**What to work on:** Once the line with "Some of the words" is reached, output it and every line after it, exactly, through the end of the records below. Pictures are skipped.

#### Provided material

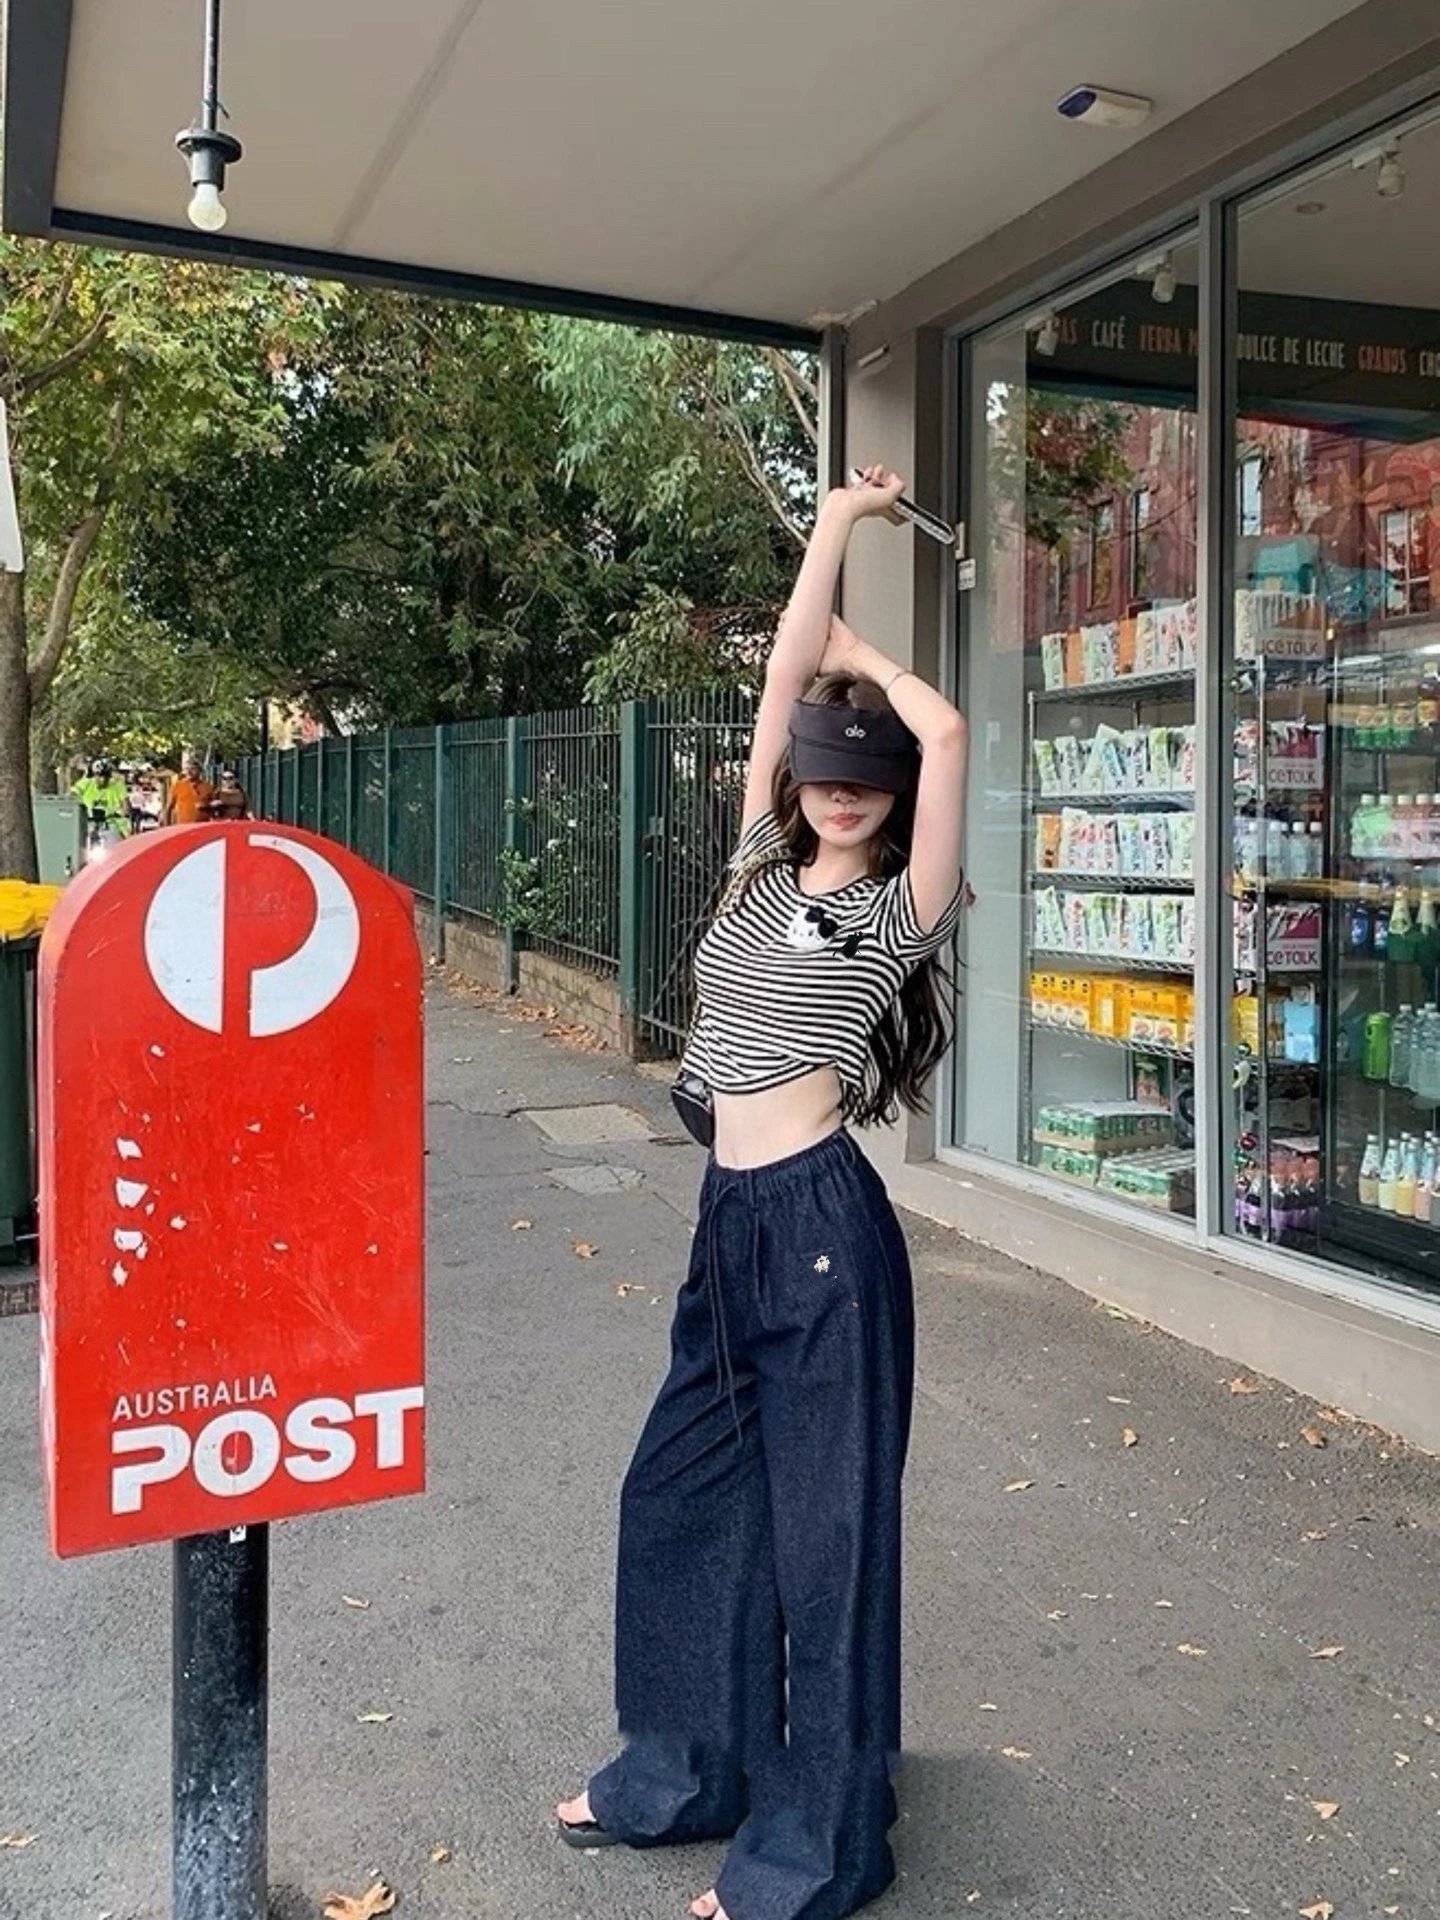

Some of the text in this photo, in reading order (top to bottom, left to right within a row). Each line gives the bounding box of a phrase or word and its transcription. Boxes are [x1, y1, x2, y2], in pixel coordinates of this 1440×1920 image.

[1091, 316, 1126, 350] CAFÉ
[1283, 336, 1300, 365] DE
[1306, 339, 1345, 369] LECHE
[845, 723, 867, 739] alo
[111, 1374, 278, 1423] AUSTRALIA
[110, 1386, 425, 1516] POST
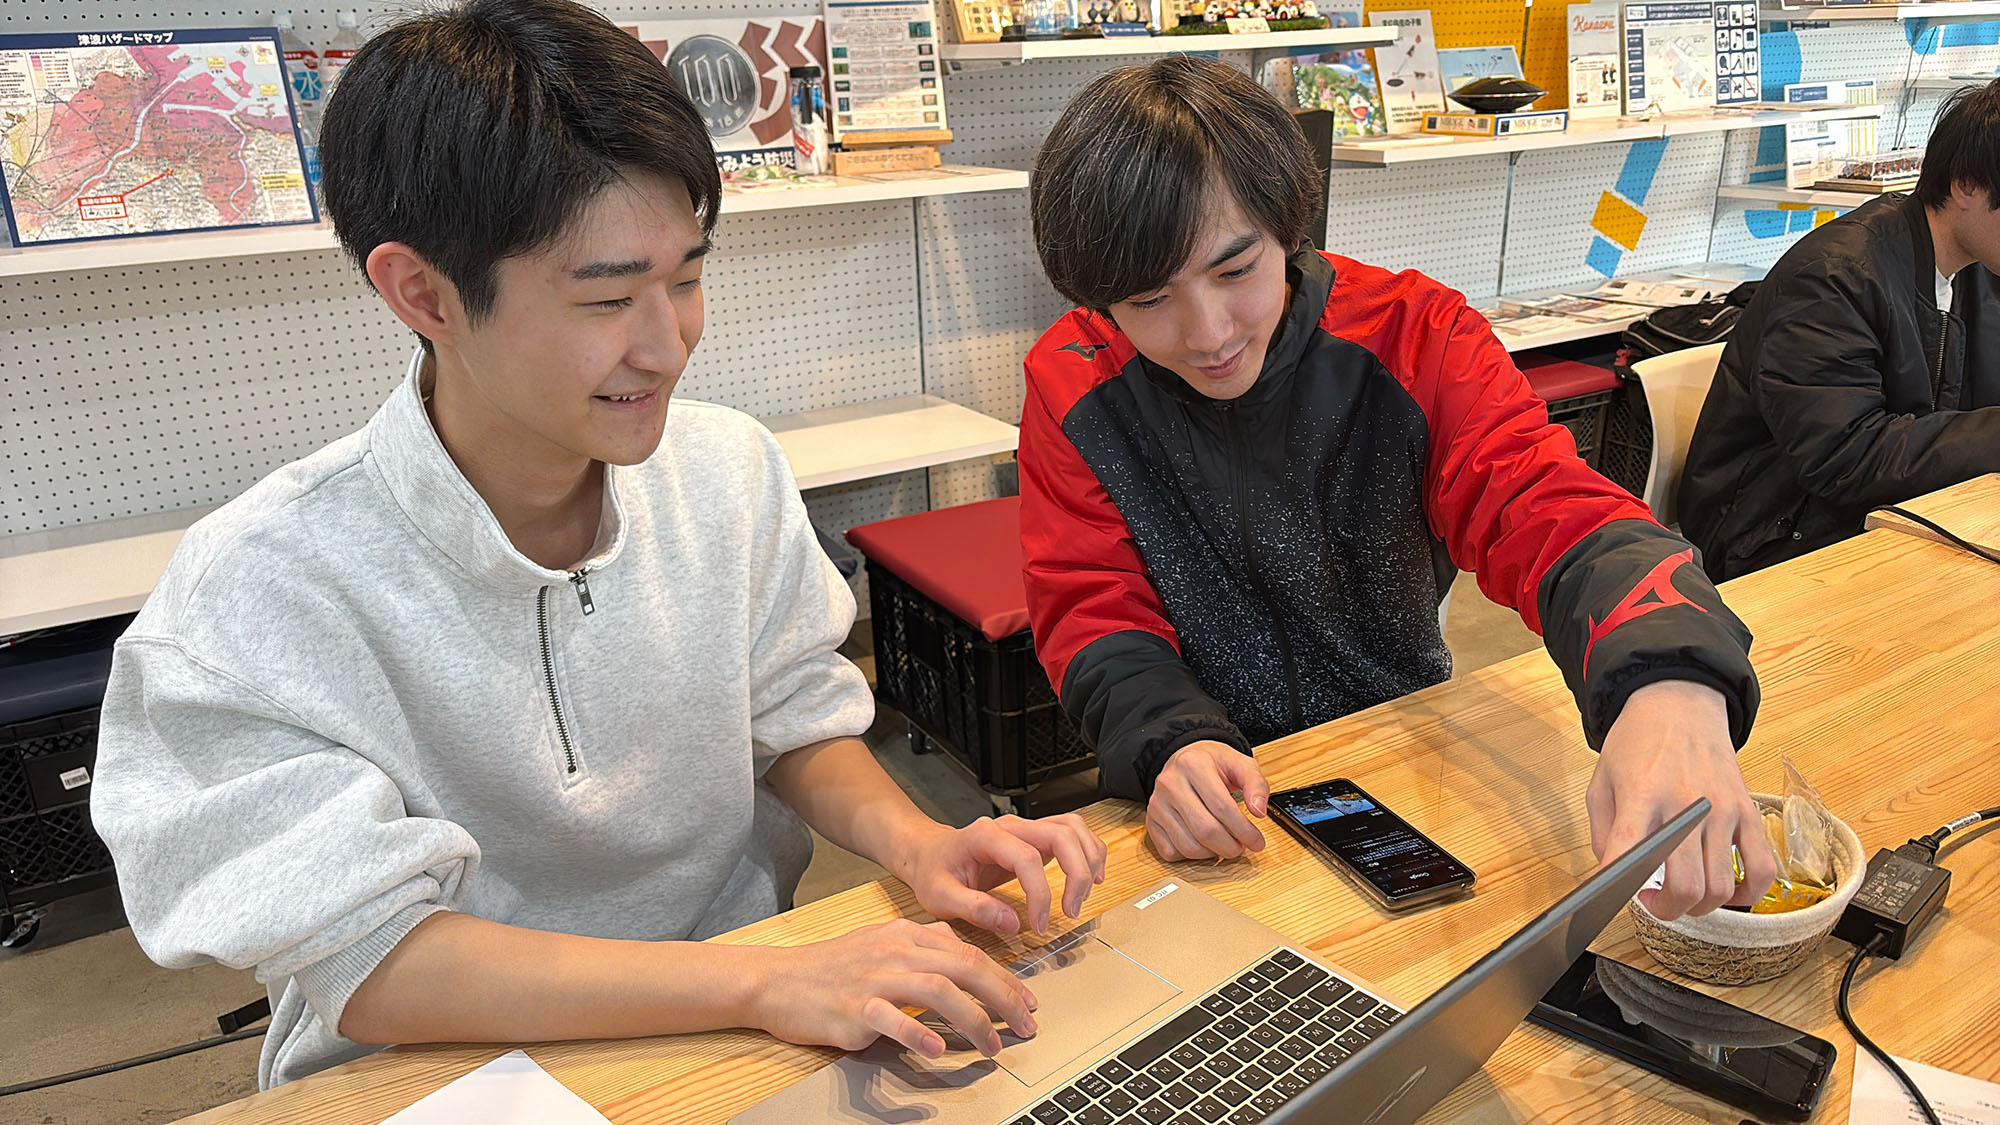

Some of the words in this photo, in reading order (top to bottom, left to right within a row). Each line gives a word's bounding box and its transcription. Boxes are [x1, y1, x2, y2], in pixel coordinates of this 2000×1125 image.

[78, 31, 174, 46] 津波ハザードマップ
[296, 72, 321, 99] 水
[678, 53, 737, 107] 100
[717, 150, 795, 172] みよう防災
[1065, 1093, 1077, 1103] ALT
[1039, 1106, 1058, 1117] CTRL
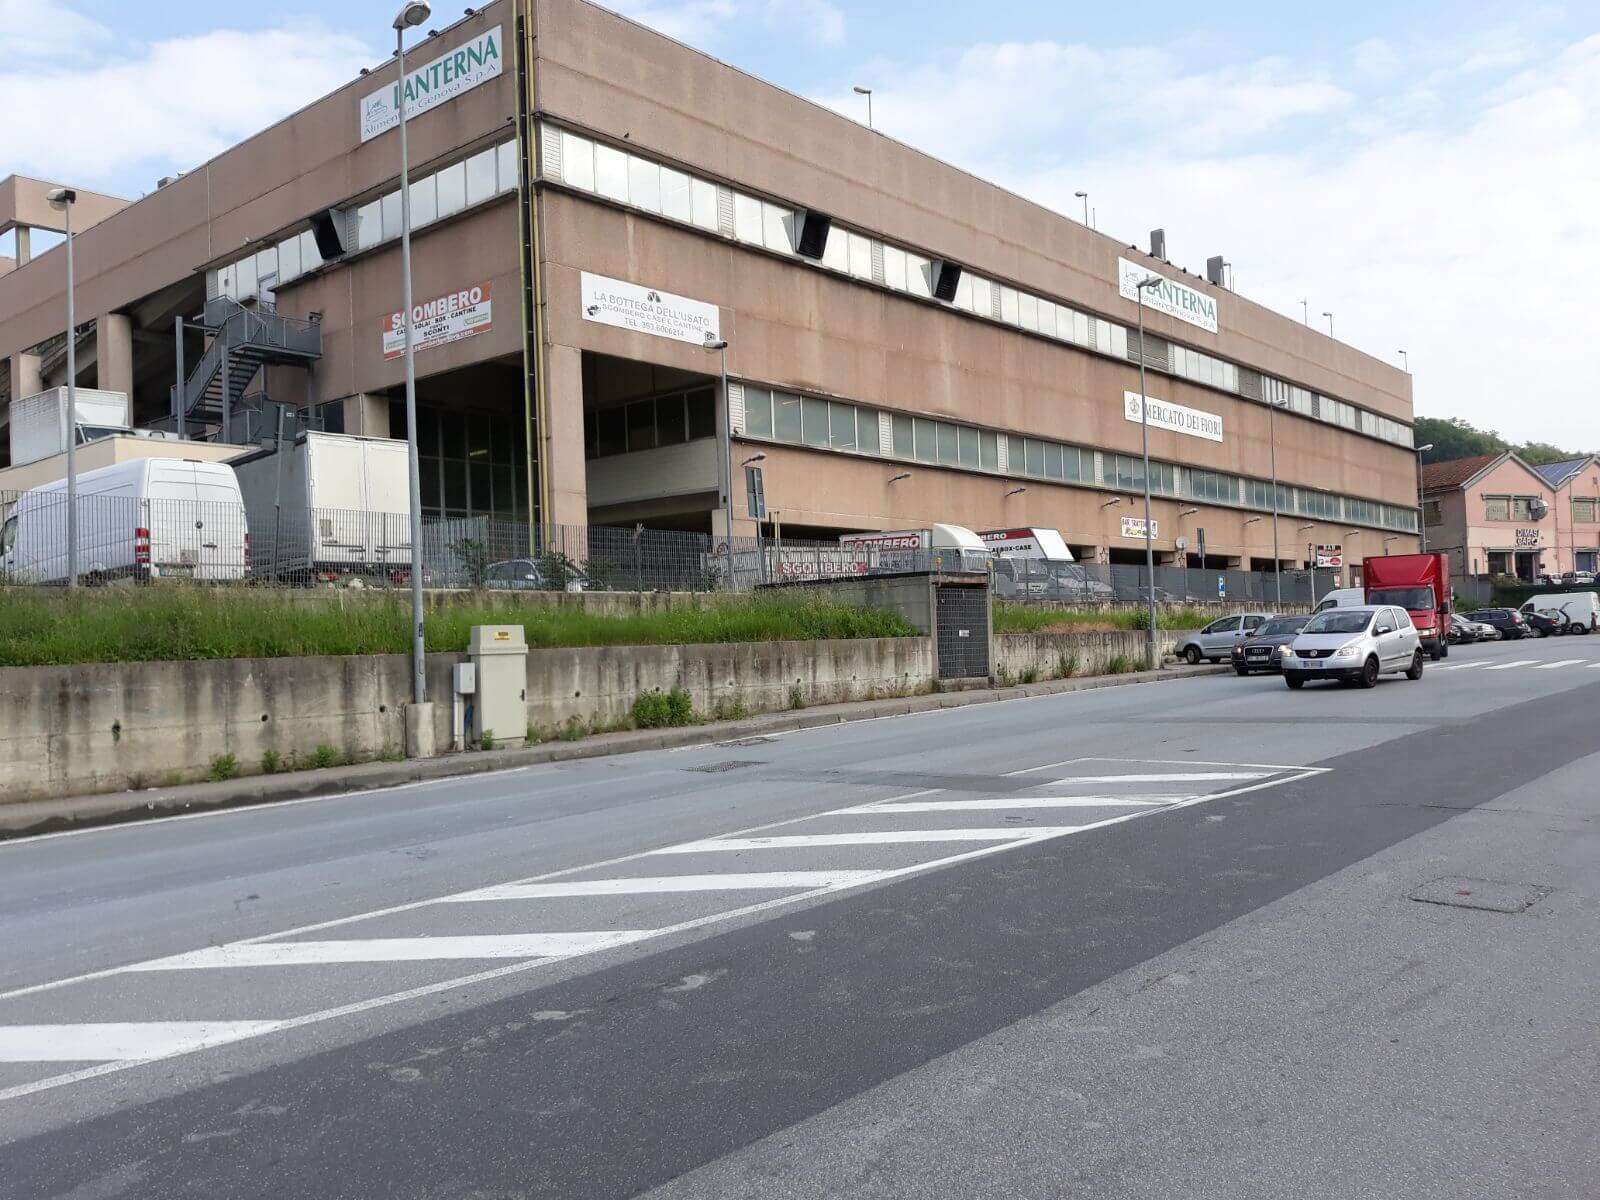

########

**Solution below:**
Some of the words in this photo, in reading order (top to bottom, left to right within a row). Each line gives a word's bounding box and its transcription. Boxes are [x1, y1, x2, y2], in pixel coordinates of this 2000×1125 image.

[78, 31, 174, 46] 津波ハザードマップ
[296, 72, 321, 99] 水
[678, 53, 737, 107] 100
[717, 150, 795, 172] みよう防災
[1065, 1093, 1077, 1103] ALT
[1039, 1106, 1058, 1117] CTRL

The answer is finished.